Work to be completed
Report each line of the entries that contains the word "Delayed", copied in full.

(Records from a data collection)

--- START ---

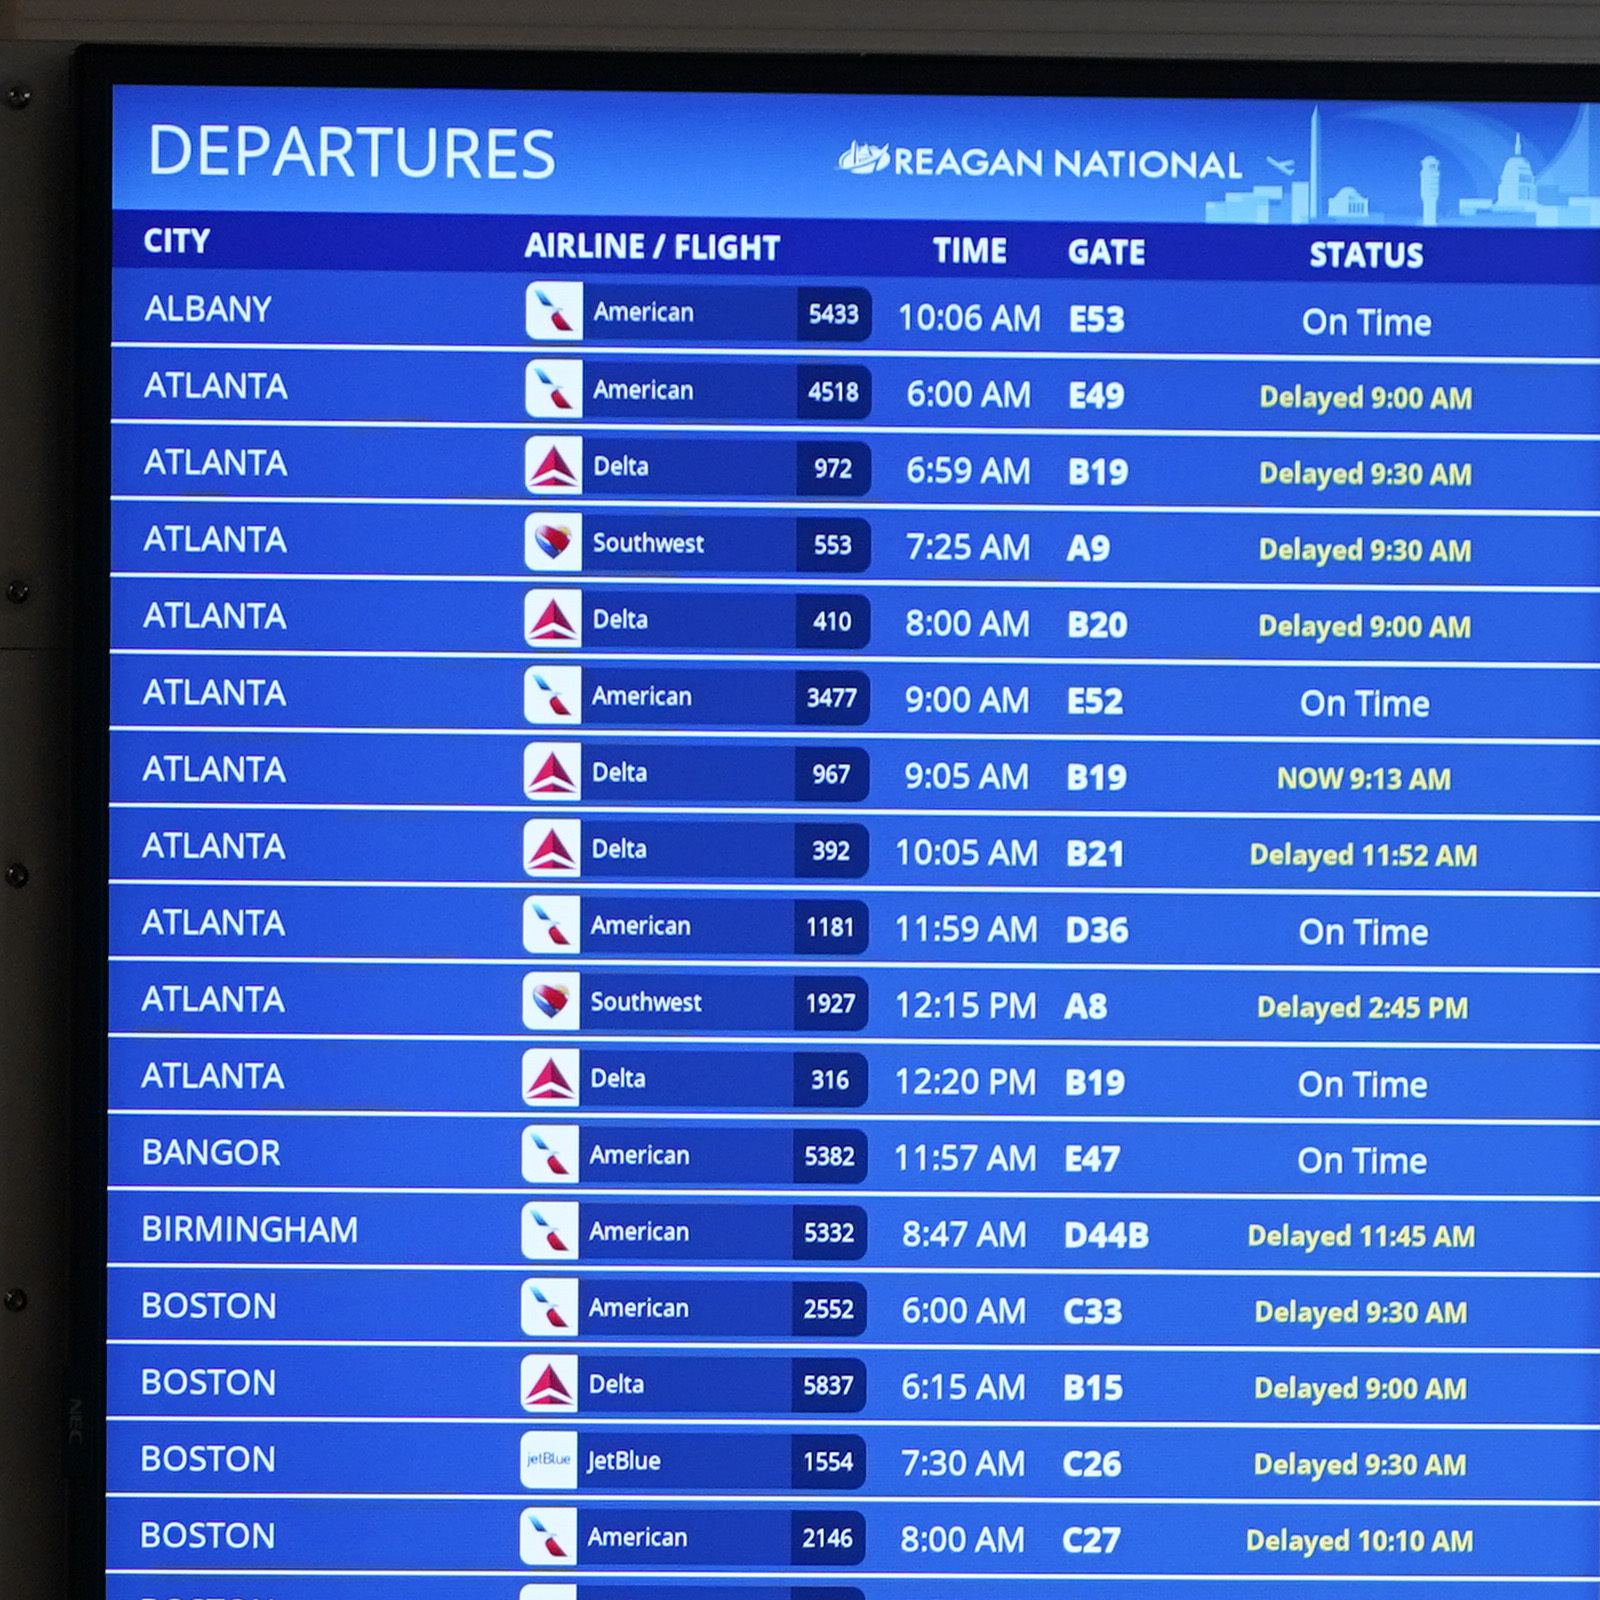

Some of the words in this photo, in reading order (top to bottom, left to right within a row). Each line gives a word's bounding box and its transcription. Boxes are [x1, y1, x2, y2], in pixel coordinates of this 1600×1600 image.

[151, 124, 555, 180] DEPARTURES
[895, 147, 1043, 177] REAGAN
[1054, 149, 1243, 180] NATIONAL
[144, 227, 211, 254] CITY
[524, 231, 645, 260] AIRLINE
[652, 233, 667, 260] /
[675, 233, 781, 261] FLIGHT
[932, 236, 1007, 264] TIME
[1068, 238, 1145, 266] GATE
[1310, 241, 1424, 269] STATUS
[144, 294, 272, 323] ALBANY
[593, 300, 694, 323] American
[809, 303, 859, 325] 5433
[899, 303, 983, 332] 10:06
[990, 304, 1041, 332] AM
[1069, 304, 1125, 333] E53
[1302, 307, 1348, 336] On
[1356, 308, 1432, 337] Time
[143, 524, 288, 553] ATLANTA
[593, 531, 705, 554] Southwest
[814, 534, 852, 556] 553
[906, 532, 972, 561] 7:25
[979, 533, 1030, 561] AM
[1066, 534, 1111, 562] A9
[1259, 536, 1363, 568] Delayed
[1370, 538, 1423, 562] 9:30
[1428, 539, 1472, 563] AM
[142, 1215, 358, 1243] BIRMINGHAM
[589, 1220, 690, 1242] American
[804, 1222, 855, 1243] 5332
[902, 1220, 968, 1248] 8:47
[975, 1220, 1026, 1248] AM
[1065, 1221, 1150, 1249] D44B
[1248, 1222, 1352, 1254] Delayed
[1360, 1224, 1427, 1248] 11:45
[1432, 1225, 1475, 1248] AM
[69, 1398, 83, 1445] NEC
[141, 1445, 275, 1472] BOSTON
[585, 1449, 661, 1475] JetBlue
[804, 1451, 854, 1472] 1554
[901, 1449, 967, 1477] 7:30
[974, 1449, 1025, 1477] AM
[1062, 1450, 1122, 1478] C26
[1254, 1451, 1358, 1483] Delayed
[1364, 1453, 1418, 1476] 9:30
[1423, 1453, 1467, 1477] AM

--- END ---

Task response
[1259, 536, 1363, 568] Delayed
[1248, 1222, 1352, 1254] Delayed
[1254, 1451, 1358, 1483] Delayed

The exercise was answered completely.